The Good Ol’ Hockey Game
How The Mac’s Midget AAA Hockey Tournament is more than just a sporting event
Kimberly McNulty, Contributor
Hockey arenas around Calgary have seen some of the best Midget hockey players from around the world compete for the Mac’s Midget AAA Championship. The tournament started on Boxing Day, finishing up on New Year’s Day at the Saddledome. For many of these teams, just making the tournament is a dream come true.
In the 38 years the Mac’s has been going on, it has seen its fair share of superstars play in the tournament, including the likes of Sidney Crosby, Jarome Iginla, Ryan Smyth and many more who would end up playing in the NHL. Many of the participants, both males and females, hope to be seen by the many scouts who often attend the games, in hopes of pursuing hockey at higher levels.
For Calgarians, The Mac’s Midget AAA tournament is a convenient way to watch some of the future stars of professional hockey. Hockey that can be watched live, all over the city, each and every year.
This year, for the first time in years, a Calgary team made the male finals. On New Year’s Day, the NW Calgary Flames won the Mac’s Midget AAA Championship against the Lloydminster Bobcats on the NHL Calgary Flames home ice.
The participants, kids ranging from 15-18 years old, compete over seven days of their holiday breaks from school, with hopes of hoisting that prized Mac’s trophy. At this age, hockey is still a fun game, a way to play a sport with friends and really enjoy something they love.
Before the games, the kids can be seen warming up over a game of soccer, making up fun handshakes and there is always a presence of laughter coming from the hallways near the dressing rooms.
During the games, players pass often, give teammates a tap on the back as needed and respect their coaches. Post game, opposing teams shake hands and always thank the officials. Even though this is considered minor hockey, sportsmanship is at its highest level at the Mac’s tournament.
Apart from the actual games over the weeklong tournament, there is a strong undercurrent of community and compassion that goes further than these rinks. Hundreds of volunteers come out every year to make the event run smoothly. Wearing the signature Mac’s vest, these volunteers can be seen hosting audiences, helping out the media and directing the many teams who make Calgary their temporary home for the holidays.
The Mac’s Midget AAA Tournament also provides awards and scholarships to many of the participants that exemplify skill and sportsmanship throughout their games.
Children’s Wish Foundation and Kids Cancer Care are two organizations who are directly involved with the Mac’s. The Children’s Wish Foundation is a non-profit organization that works with children who have been diagnosed with life-threatening illness in hopes of making one of their most heartfelt wishes come true.
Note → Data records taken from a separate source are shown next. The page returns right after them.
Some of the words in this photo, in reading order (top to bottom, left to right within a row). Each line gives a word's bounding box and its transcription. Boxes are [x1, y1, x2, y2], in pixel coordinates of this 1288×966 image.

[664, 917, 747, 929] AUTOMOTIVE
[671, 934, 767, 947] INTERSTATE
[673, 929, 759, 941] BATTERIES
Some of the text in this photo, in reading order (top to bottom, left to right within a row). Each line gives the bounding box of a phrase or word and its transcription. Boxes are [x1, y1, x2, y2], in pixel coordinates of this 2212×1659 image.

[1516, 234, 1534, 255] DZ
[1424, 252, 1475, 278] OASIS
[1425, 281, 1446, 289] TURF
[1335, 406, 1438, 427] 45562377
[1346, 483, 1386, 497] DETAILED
Last year, Shadee Merhi was a player for the Calgary North Stars AAA team who were competing for the 2014/2015 championships. Word got around through the tournament that the defensemen from the Calgary team had recently been diagnosed with cancer, and Children’s Wish Foundation was quick to contact the teenager in hopes of making his wish come true.
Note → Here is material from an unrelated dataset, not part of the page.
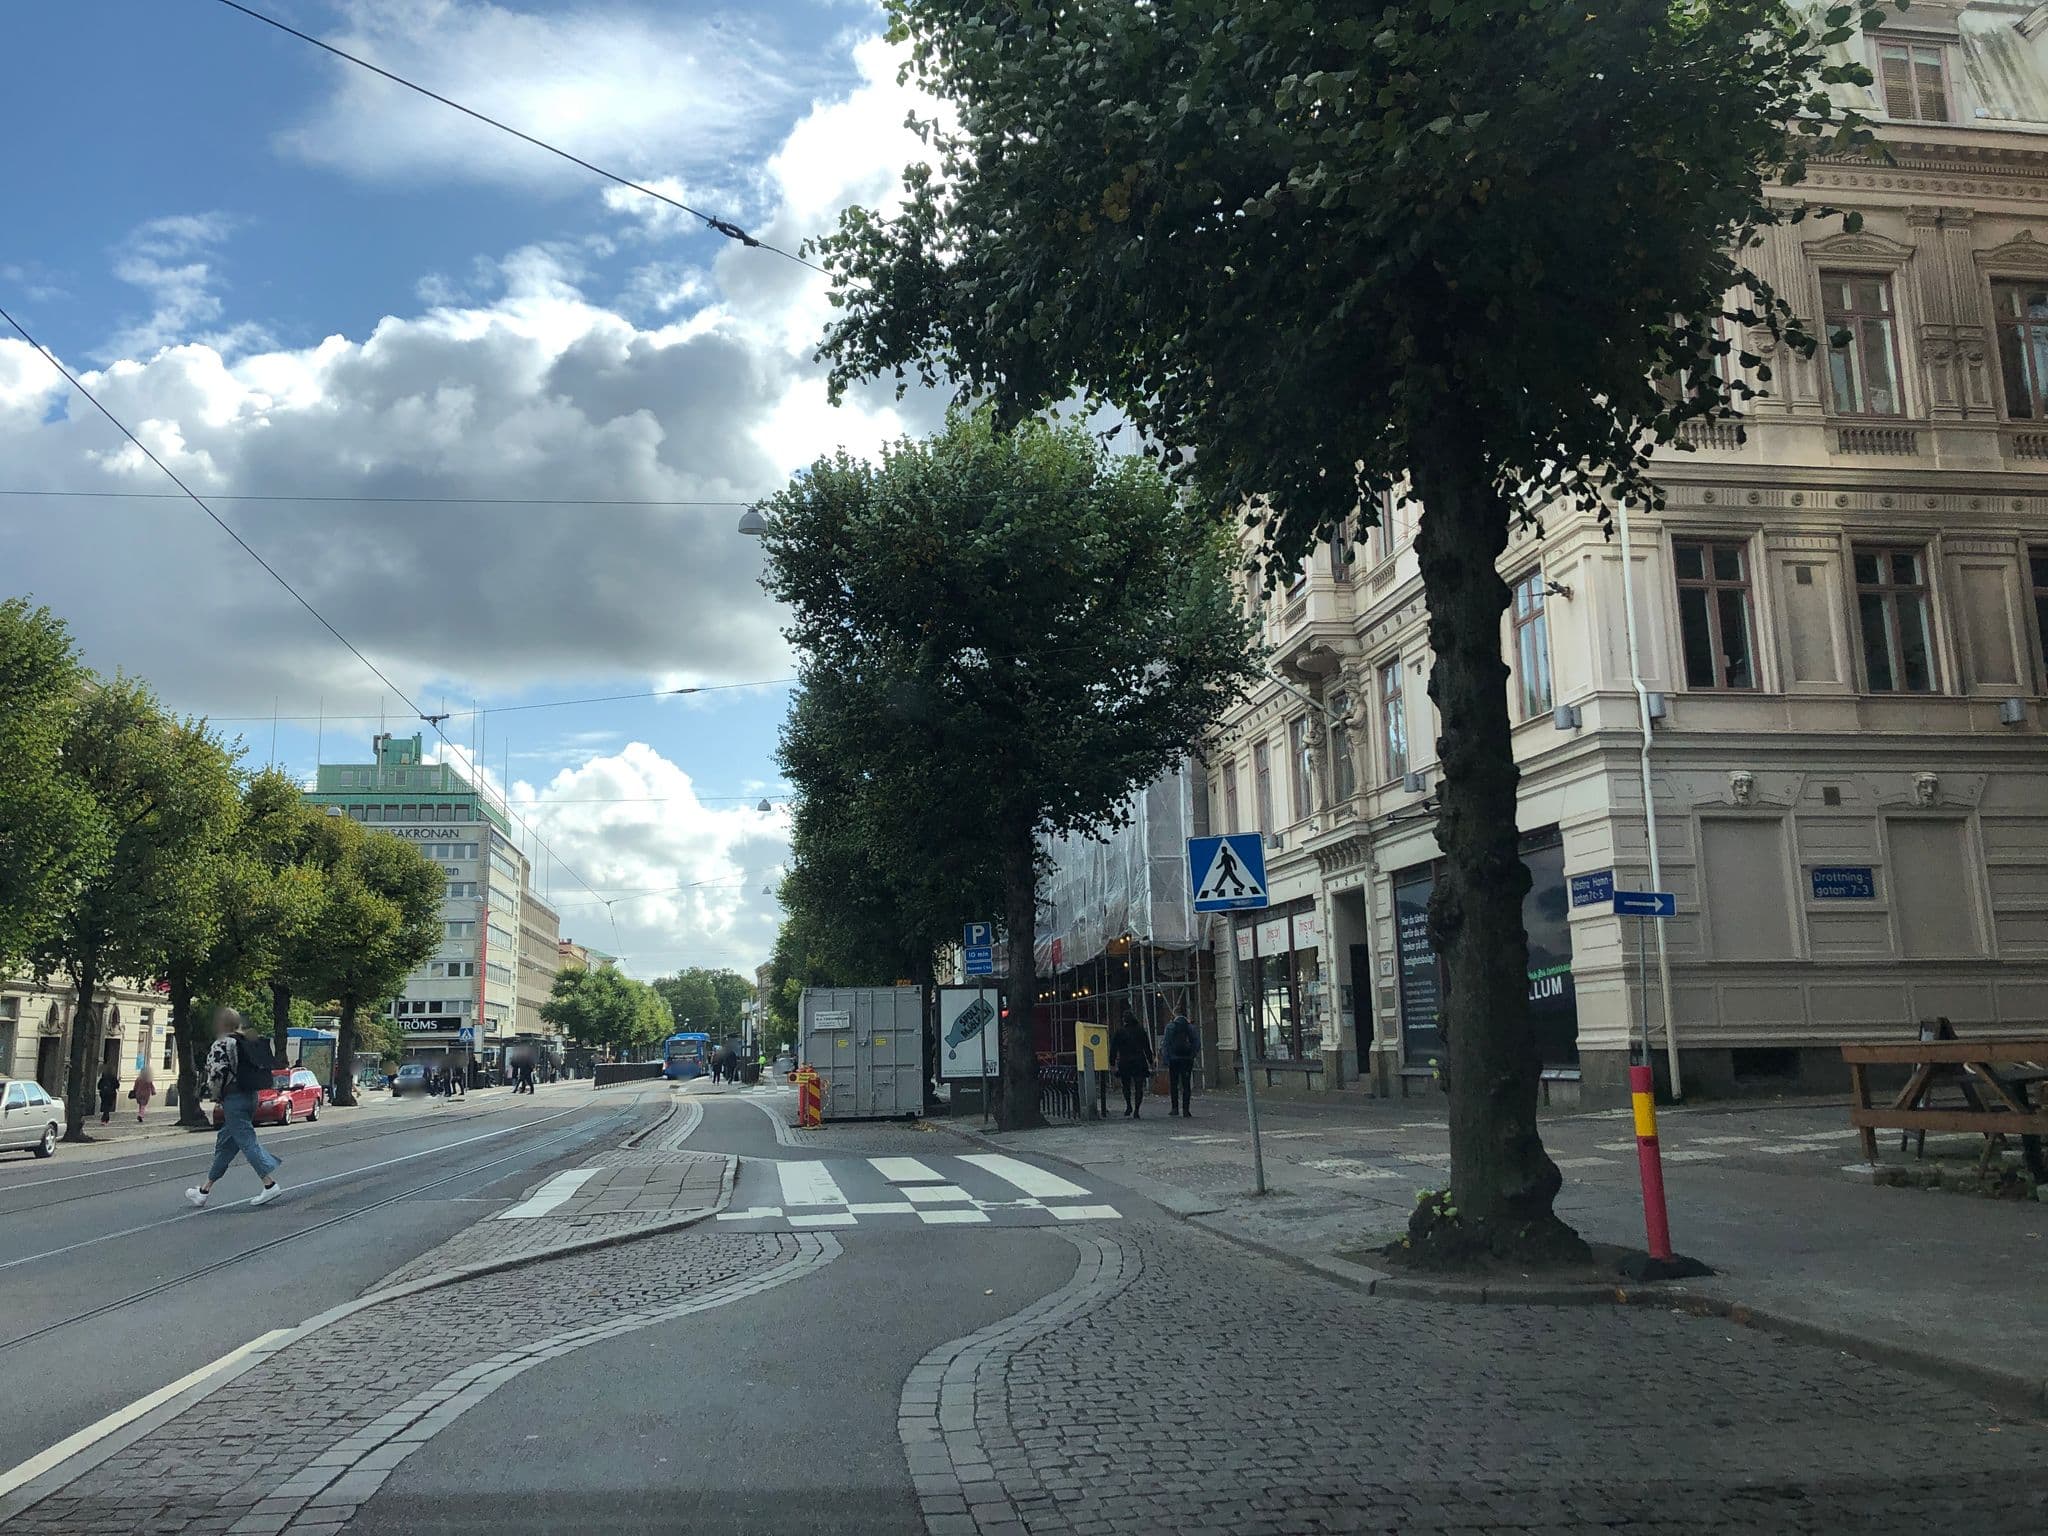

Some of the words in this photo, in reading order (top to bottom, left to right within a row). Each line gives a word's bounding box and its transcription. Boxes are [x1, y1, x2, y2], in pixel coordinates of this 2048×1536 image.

[375, 828, 459, 839] VSAKRONAN
[972, 925, 985, 945] P
[398, 1018, 438, 1030] TRÖMS
This year, Merhi was at the tournament as a viewer, and is planning to meet Kevin Durant from the Oklahoma City Thunder. He has said that he is grateful for the opportunity to play hockey, especially at the Mac’s Midget AAA Tournament, and all the support he received from his teammates and the foundation.
Kids Cancer Care is an organization that works with families through the journey of battling childhood cancer by providing outreach and education through its various programs. Throughout the tournament, both organizations are present and the children representing them get to experience moments such as riding the Saddledome Zambonis on the ice during periods, meeting the players, being featured online and getting to know one another.
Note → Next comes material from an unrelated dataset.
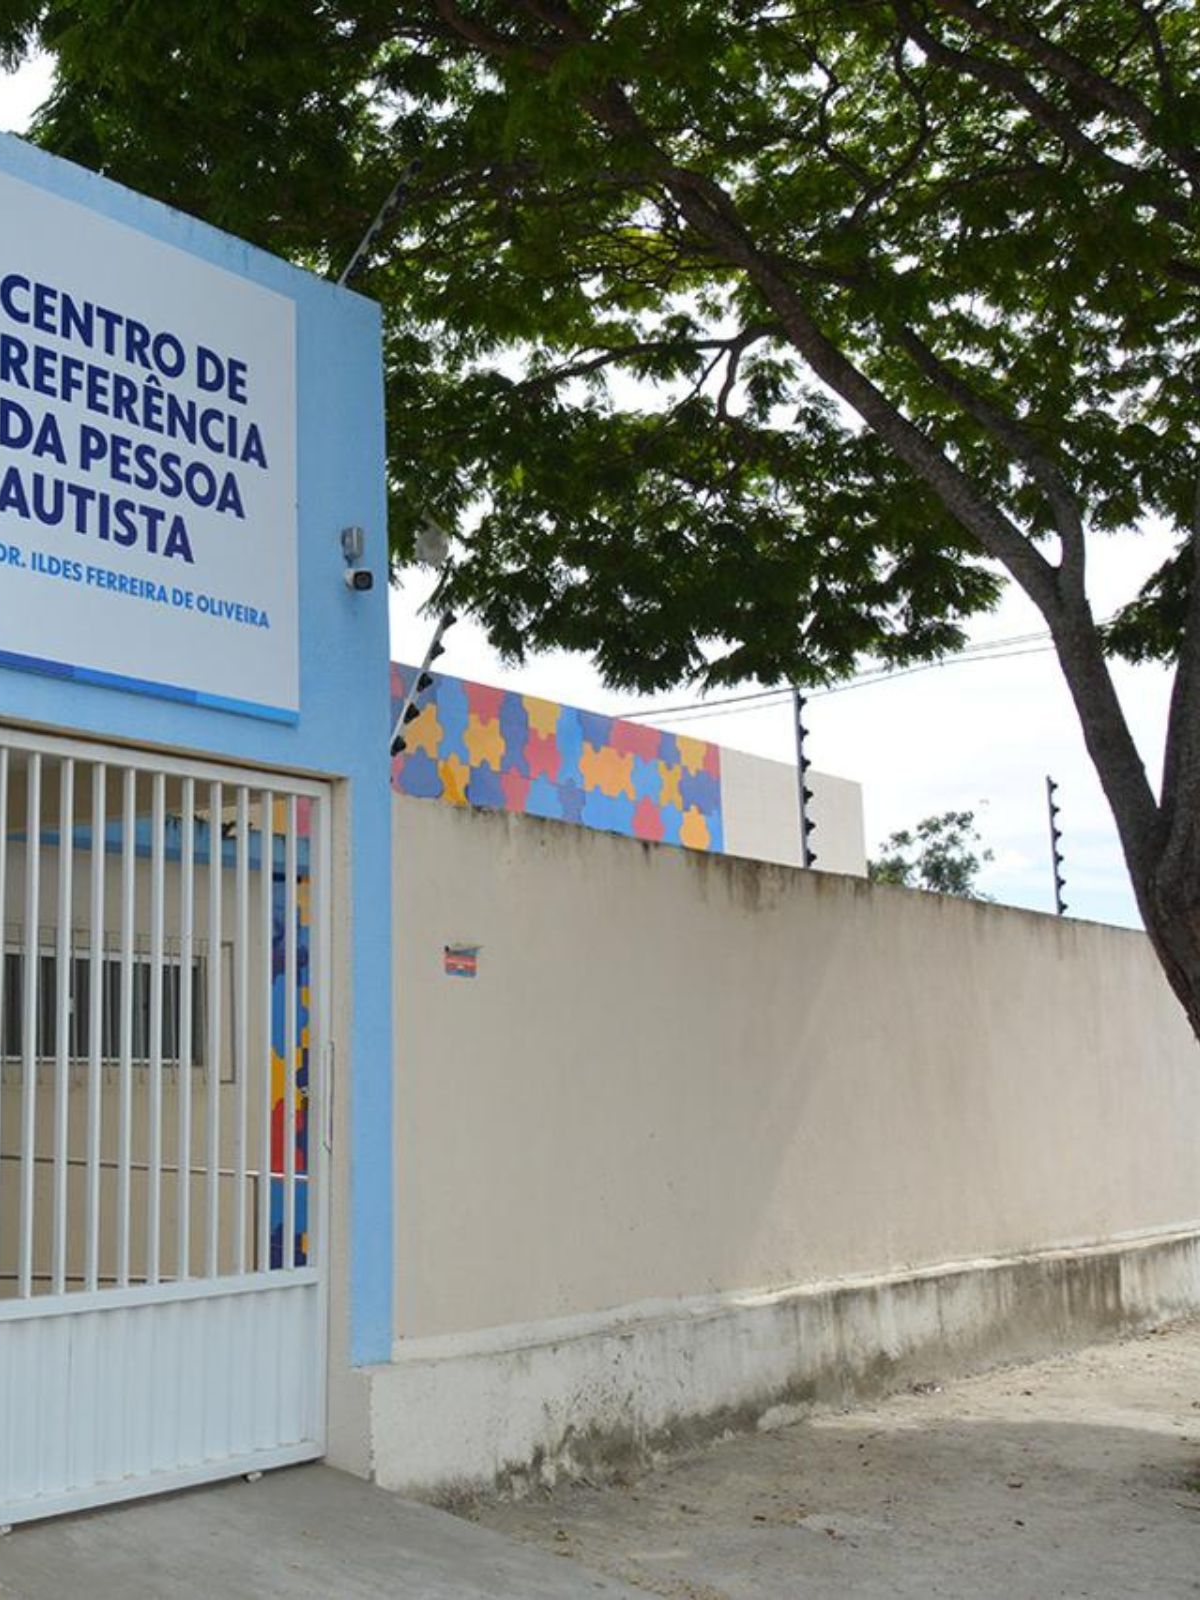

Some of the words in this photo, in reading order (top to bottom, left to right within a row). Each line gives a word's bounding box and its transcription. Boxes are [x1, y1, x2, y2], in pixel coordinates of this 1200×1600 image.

During my short term volunteering and watching the Mac’s, I was introduced to an older gentleman who has been coming to the tournament since its establishment 38 years ago. He described hockey as a game that encourages teamwork, is physically tough and requires a lot of skill. He doesn’t go to watch the NHL games, he doesn’t tune into the World Juniors, but he does come down each and every day the Mac’s tournament goes on to watch these young players give it their all and still have fun with it. The good ol’ hockey game.